As I said, it's clear which side is good and which is bad. But despite how it may appear, I don't think the mural is completely accurate.
Don't get me wrong, I see which side has good intentions and which side doesn't, but I just don't think it appropriate to name the gray side bad and the blue side good.
Call me crazy all you'd like, but I've always had this feeling, almost like an inner knowing, that the mural was only a surface-level scratch to the story of this standoff. There's a deeper reason why this war was prophesized. There's always a reason. Sometimes I can't help but think that I'm the one meant to figure out what that reason is.
"Olivia!" Jackie gritted and punched me in the arm, breaking my train of thought.
"Oww! What?!... Did you have to hit me that frickin' hard?!" I growled, clutching my arm.
Jules looked up from her plate, alarmed. I motioned that I was fine, and she nodded, pushing up her white-rimmed glasses, and went back to her food. I get the feeling that she doesn't really like Jackie and Josh much, but that's a thought for another time.
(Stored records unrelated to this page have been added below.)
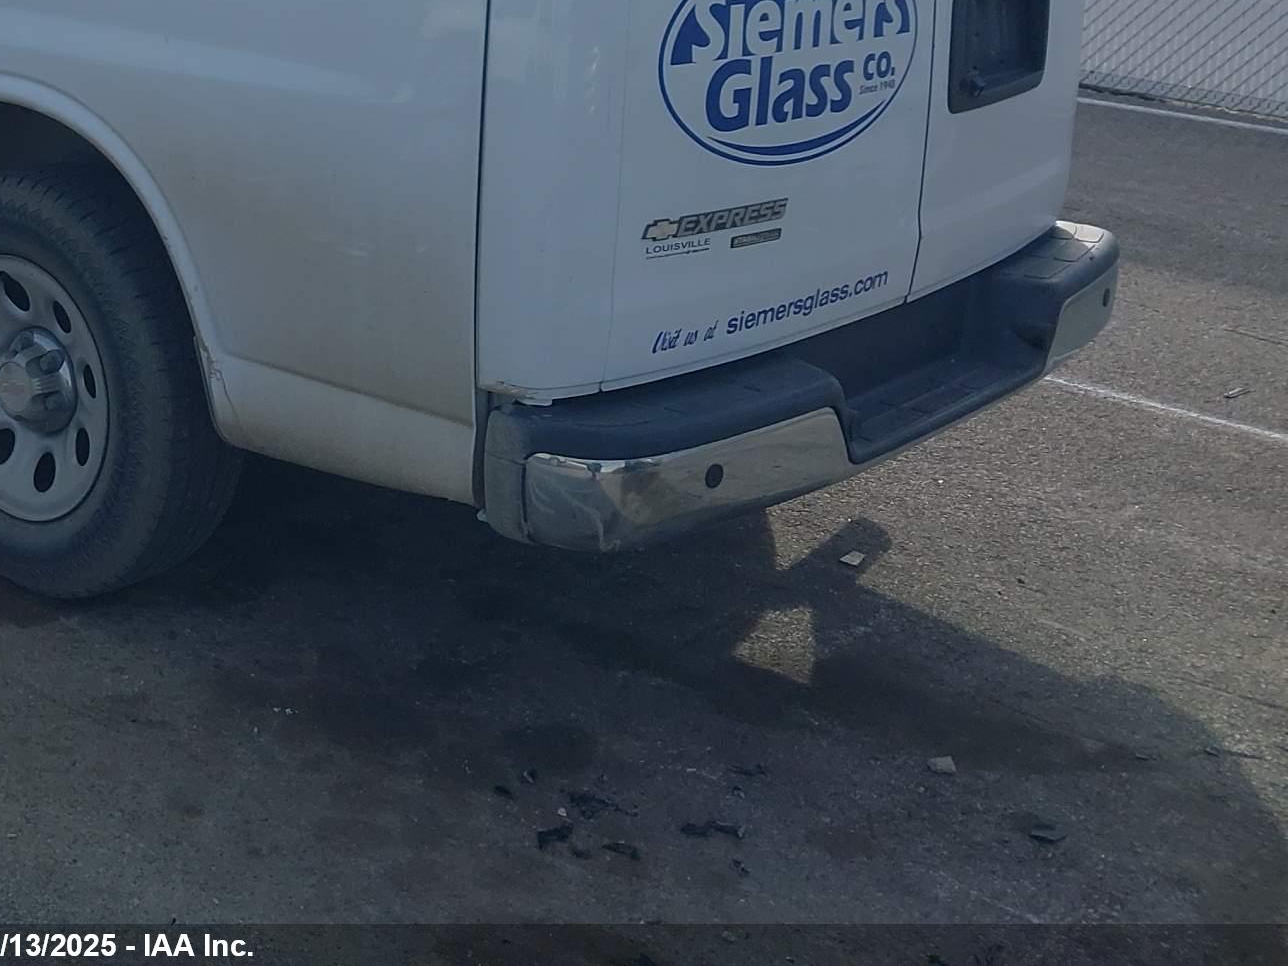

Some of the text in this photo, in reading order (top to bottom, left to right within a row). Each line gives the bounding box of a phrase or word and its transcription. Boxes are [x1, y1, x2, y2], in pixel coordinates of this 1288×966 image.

[705, 56, 854, 132] Glass
[645, 237, 711, 255] LOUISVILLE
[676, 199, 788, 237] EXPRESS
[683, 329, 698, 346] us
[726, 270, 889, 335] siemersglass.com
Jackie shrugged. "Well, you weren't listening to me. You were staring at that stupid ceiling... again." She deadpanned, giving Jules, who was also enamored by the mural as much as I, a side-eye glance.
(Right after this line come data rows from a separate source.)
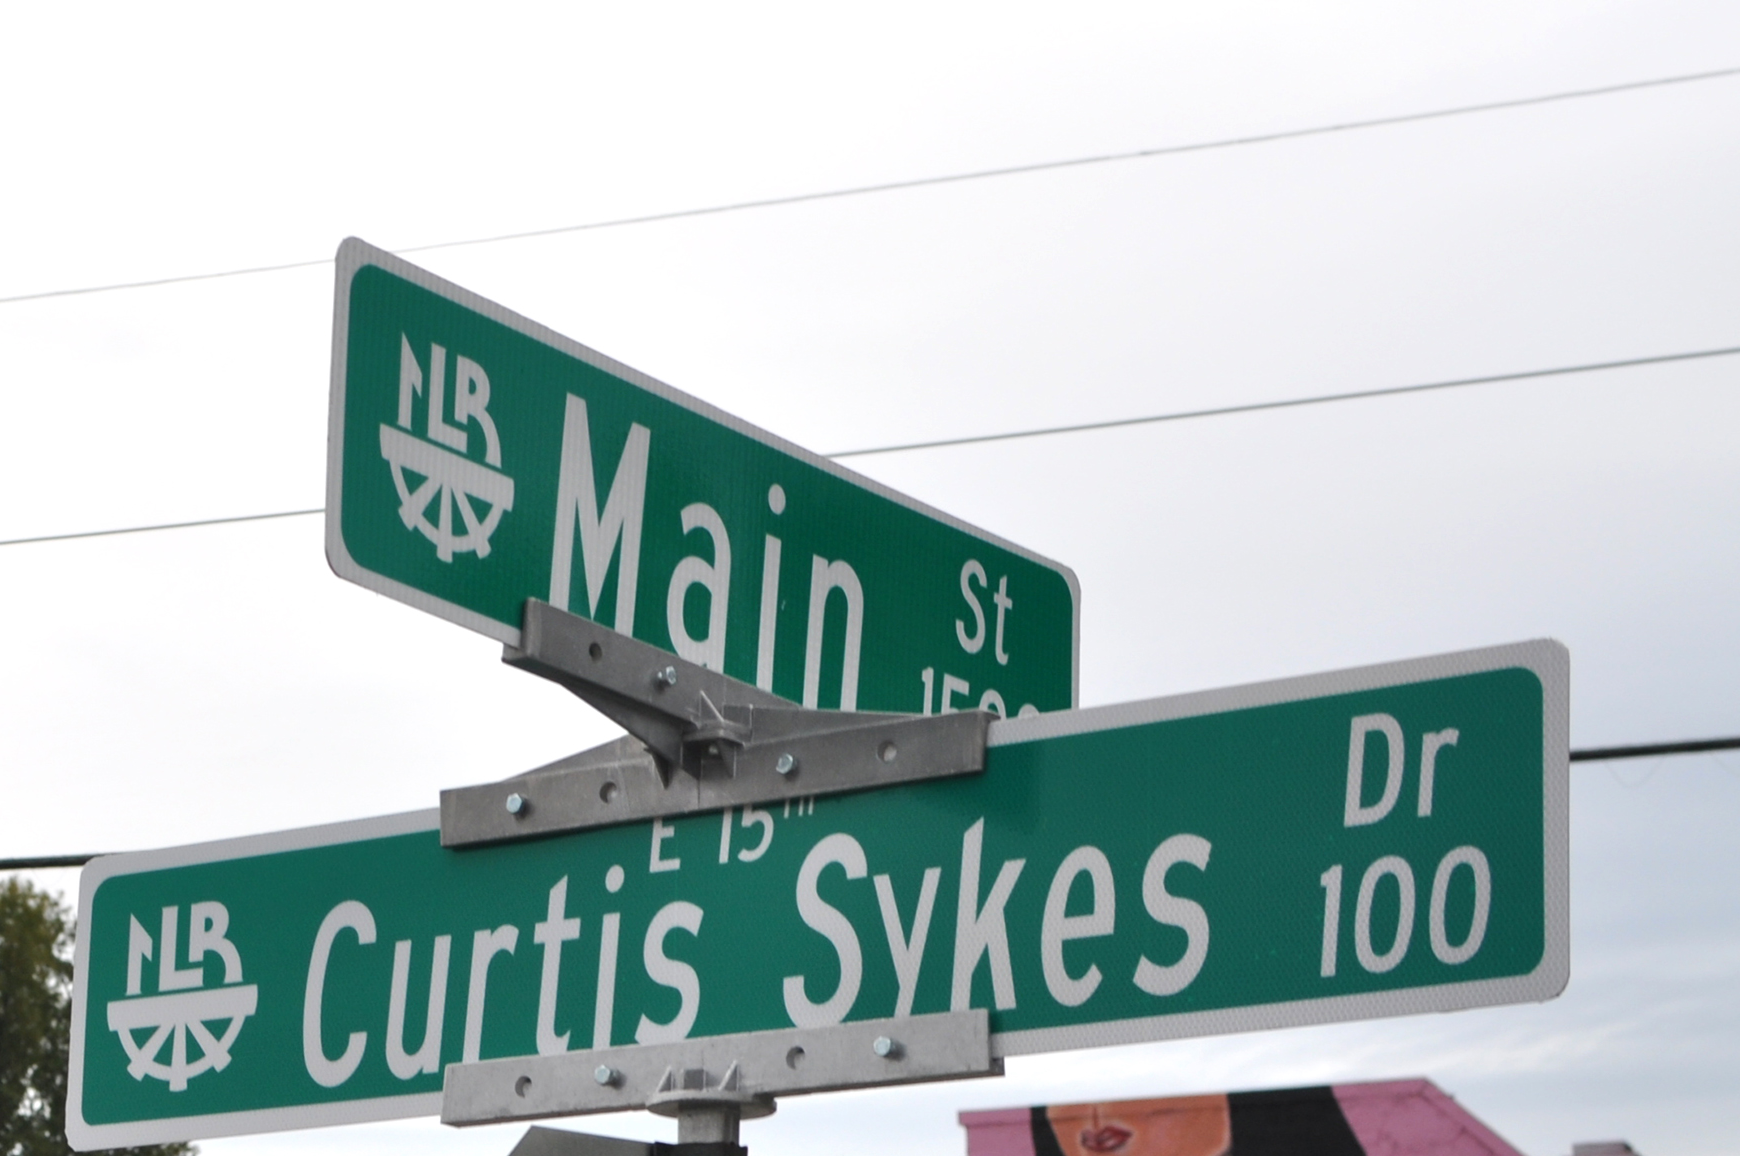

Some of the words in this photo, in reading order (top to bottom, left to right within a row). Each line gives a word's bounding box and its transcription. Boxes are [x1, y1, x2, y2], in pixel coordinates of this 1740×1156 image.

[549, 392, 864, 712] Main
[955, 558, 1013, 666] St
[1343, 712, 1459, 828] Dr
[649, 815, 681, 873] E
[302, 864, 705, 1088] Curtis
[783, 816, 1212, 1029] Sykes
[1320, 845, 1492, 978] 100
"You still didn't have to hit me! What do you want?!"
"Don't remember. Your whining made me lose my train of thought." Jackie shrugged once more before digging back into her meatloaf. I just rolled my eyes at her and continued eating.
"Honestly, OJ, I don't get why you're so captivated by that thing. It's just a picture of a fake prophecy. We all know it's just a myth," Josh said, his words muffled by the immense amount of food in his mouth. He, too, was side-eyeing Jules, who was now looking between him and his sister, appalled.
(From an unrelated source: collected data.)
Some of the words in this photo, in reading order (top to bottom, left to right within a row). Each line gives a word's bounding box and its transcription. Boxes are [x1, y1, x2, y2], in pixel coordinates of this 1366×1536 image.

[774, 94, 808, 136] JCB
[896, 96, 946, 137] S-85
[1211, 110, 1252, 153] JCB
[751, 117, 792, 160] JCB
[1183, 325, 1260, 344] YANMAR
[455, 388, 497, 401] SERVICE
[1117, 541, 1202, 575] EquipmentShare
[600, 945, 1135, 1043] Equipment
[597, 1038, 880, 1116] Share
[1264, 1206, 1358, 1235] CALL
Yeah, she definitely doesn’t like them. I concluded.
"Joshua, how many times do I have to tell you to stop talking with your mouth full?! You're not a pig!" I scolded.
Josh swallowed his food and smirked. "No, but I am a dog." He playfully snarled. I rolled my eyes with a chuckle while Jackie giggled at her little brother's antics.
We went back to our meals, making small conversation about the Full Moon Bonfire tonight. Josh and Jackie always ask me to go with them, and tonight was no different. I just responded with my usual answer; "It's not my type of crowd". So, in typical Josh and Jackie fashion, they teased me about becoming a shut-in, and in typical OJ fashion, I teased them about being underage drunks until they dropped the topic, leaving me to eat and daydream in peace.
Amid our meal, an uneasy feeling rose in my gut. Usually, when I get feelings like these, they're never wrong, and this feeling told me that all hell was about to break loose.
I was going to link Kyson and the guys, but before I could, a warning shot through the pack link from the Delta patrol.
Rogues have breached the northwest border!!
And just like I predicted… All hell broke loose.